### Available data:
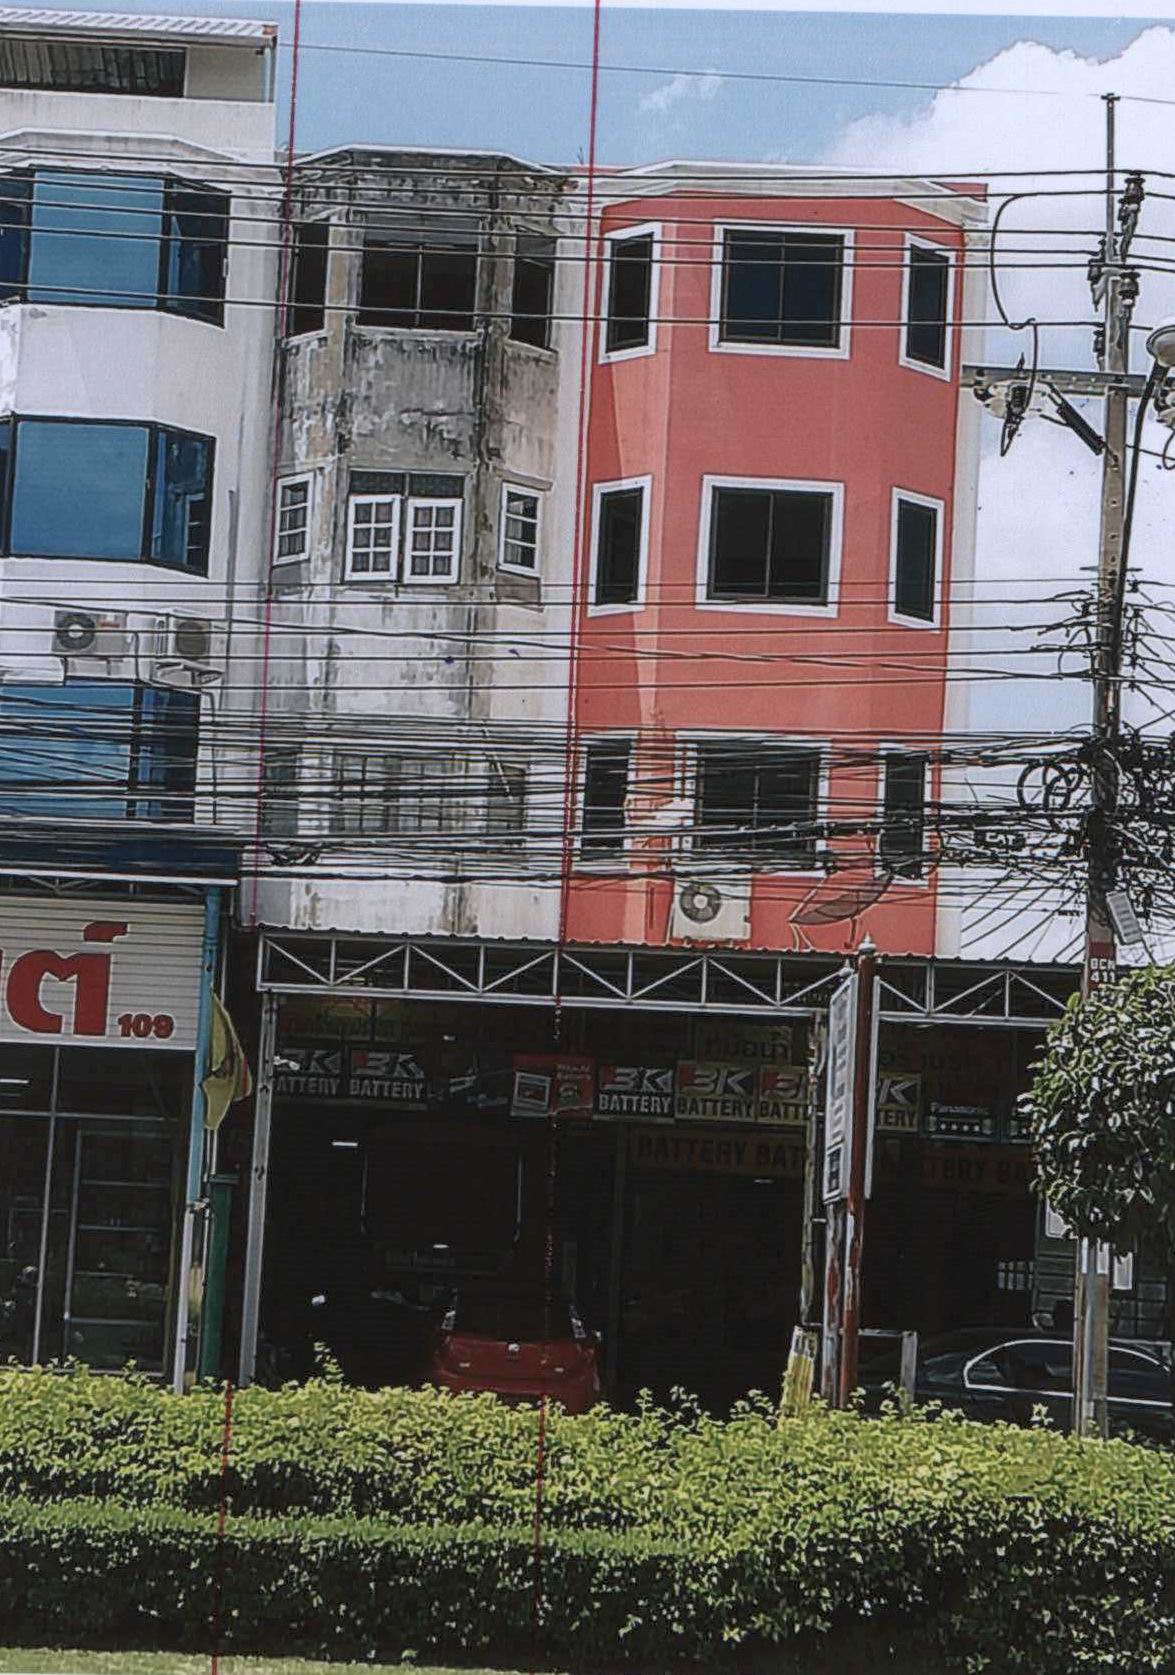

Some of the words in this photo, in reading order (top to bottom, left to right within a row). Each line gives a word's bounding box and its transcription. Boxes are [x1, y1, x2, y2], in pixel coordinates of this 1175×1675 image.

[1090, 970, 1116, 983] 411
[274, 1075, 341, 1097] ATTERY
[350, 1078, 424, 1099] BATTERY
[599, 1093, 672, 1115] BATTERY
[678, 1100, 752, 1120] BATTERY
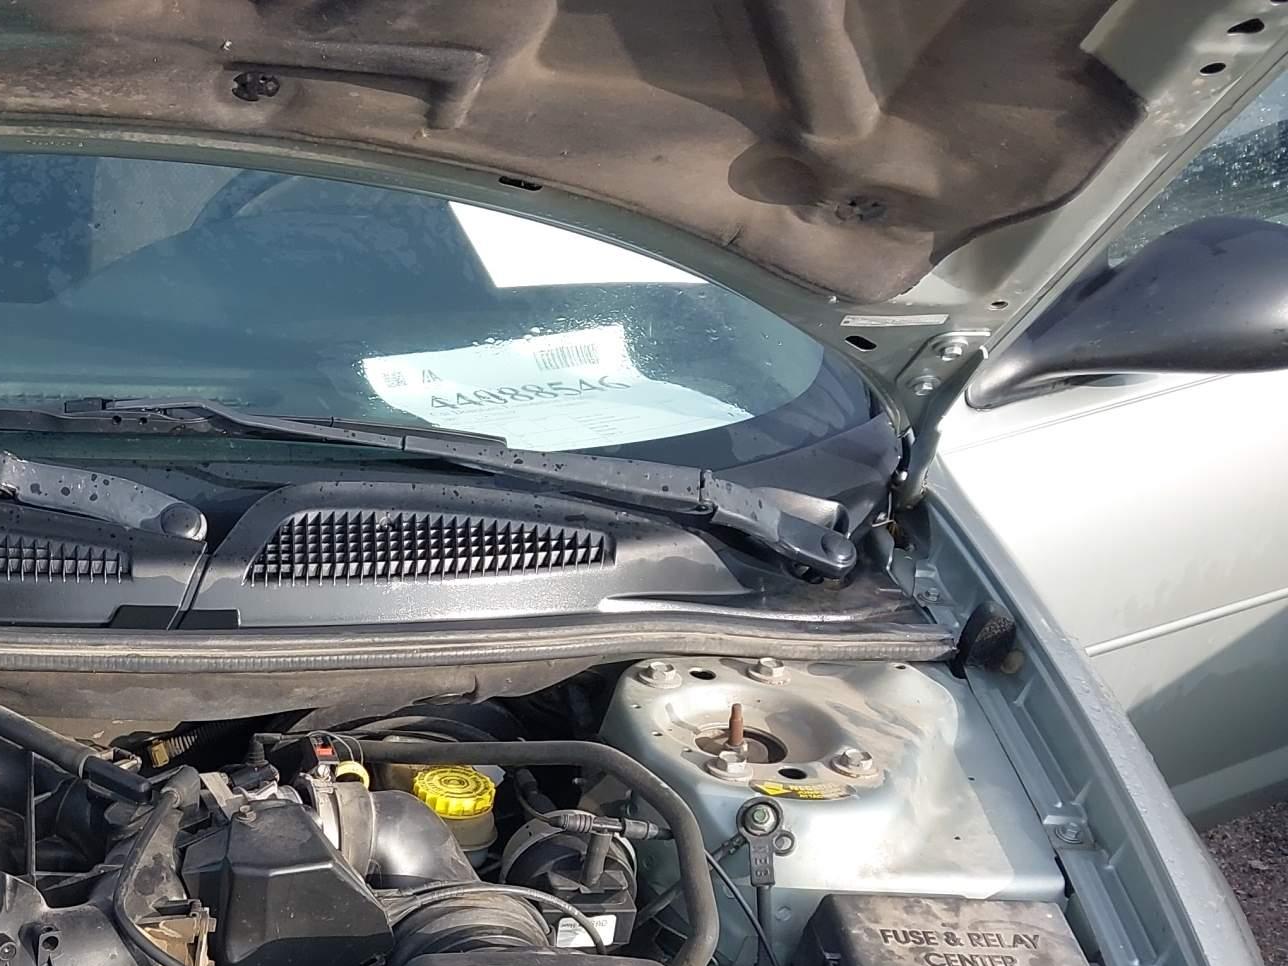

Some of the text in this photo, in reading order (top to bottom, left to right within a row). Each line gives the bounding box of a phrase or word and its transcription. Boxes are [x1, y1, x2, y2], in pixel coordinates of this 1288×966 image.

[431, 375, 632, 409] 44088546
[879, 928, 1040, 950] FUSE & RELAY
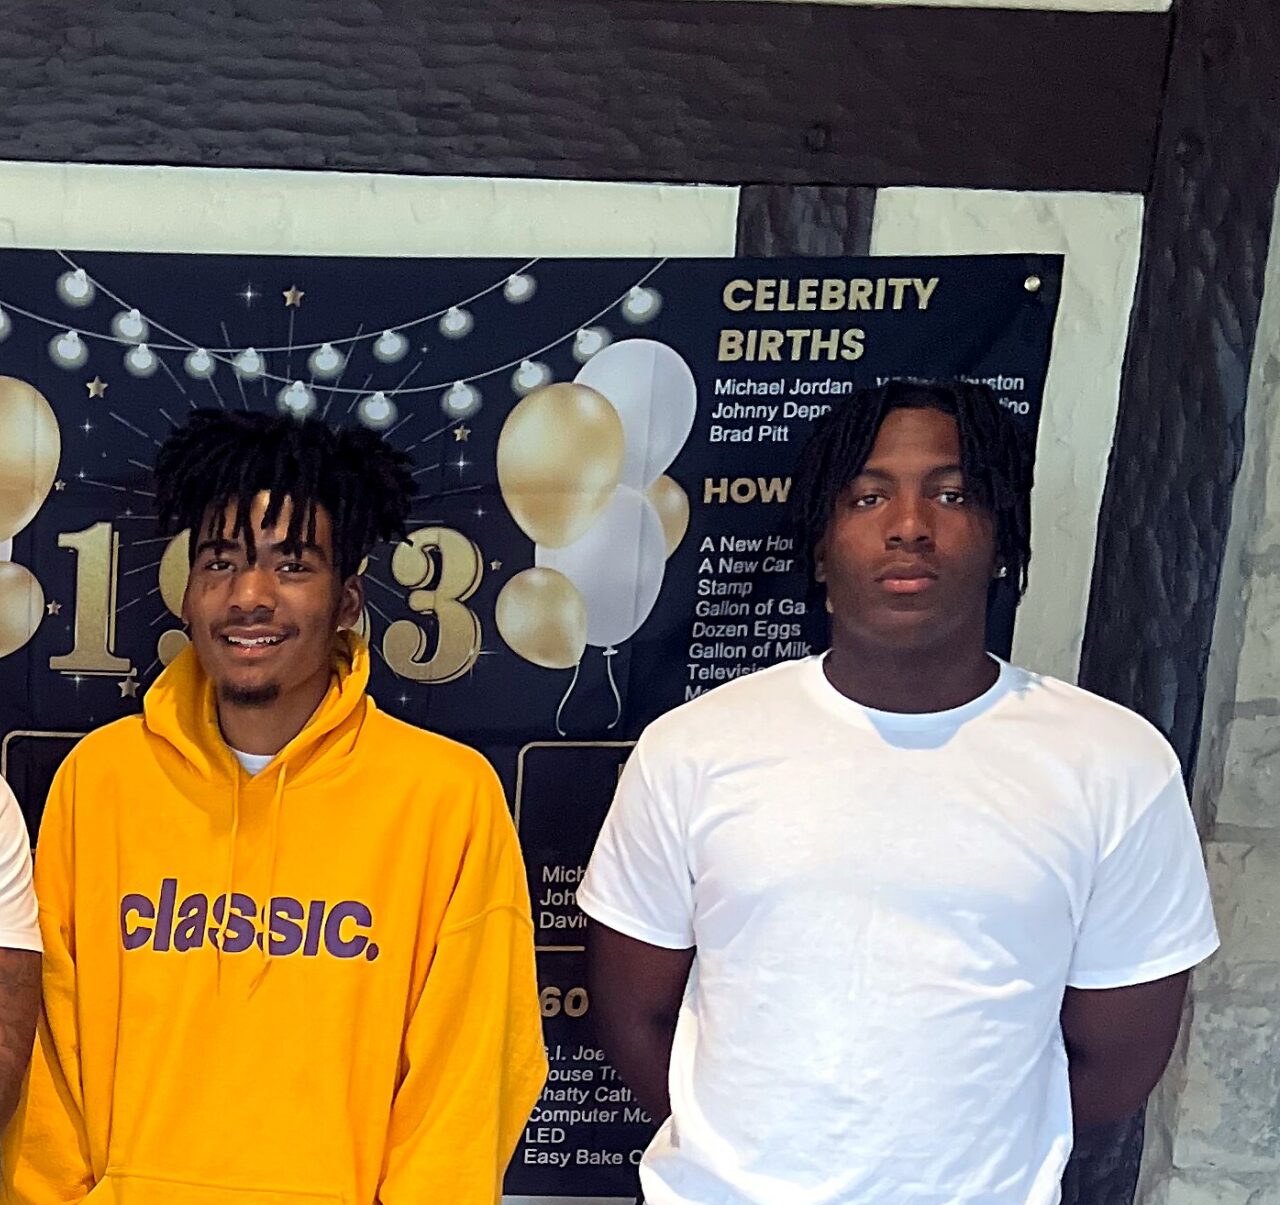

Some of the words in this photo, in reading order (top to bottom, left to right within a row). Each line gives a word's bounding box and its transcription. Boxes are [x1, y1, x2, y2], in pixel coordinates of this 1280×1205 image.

### What is expected:
With the pictures set aside, copy each line above as written.

### Result:
Some of the words in this photo, in reading order (top to bottom, left to right within a row). Each line gives a word's bounding box and its transcription. Boxes are [x1, y1, x2, y2], in pixel coordinates of this 1175×1675 image.

[1090, 970, 1116, 983] 411
[274, 1075, 341, 1097] ATTERY
[350, 1078, 424, 1099] BATTERY
[599, 1093, 672, 1115] BATTERY
[678, 1100, 752, 1120] BATTERY

Some of the text in this photo, in reading order (top to bottom, left to right within a row). Each line gives the bounding box of a phrase or word and its transcription. Boxes are [x1, y1, x2, y2], in pixel coordinates of this 1288×966 image.

[431, 375, 632, 409] 44088546
[879, 928, 1040, 950] FUSE & RELAY

Some of the words in this photo, in reading order (top to bottom, left to right within a row). Each line gives a word's bounding box and its transcription. Boxes are [x1, y1, x2, y2], in pixel coordinates of this 1280×1205 image.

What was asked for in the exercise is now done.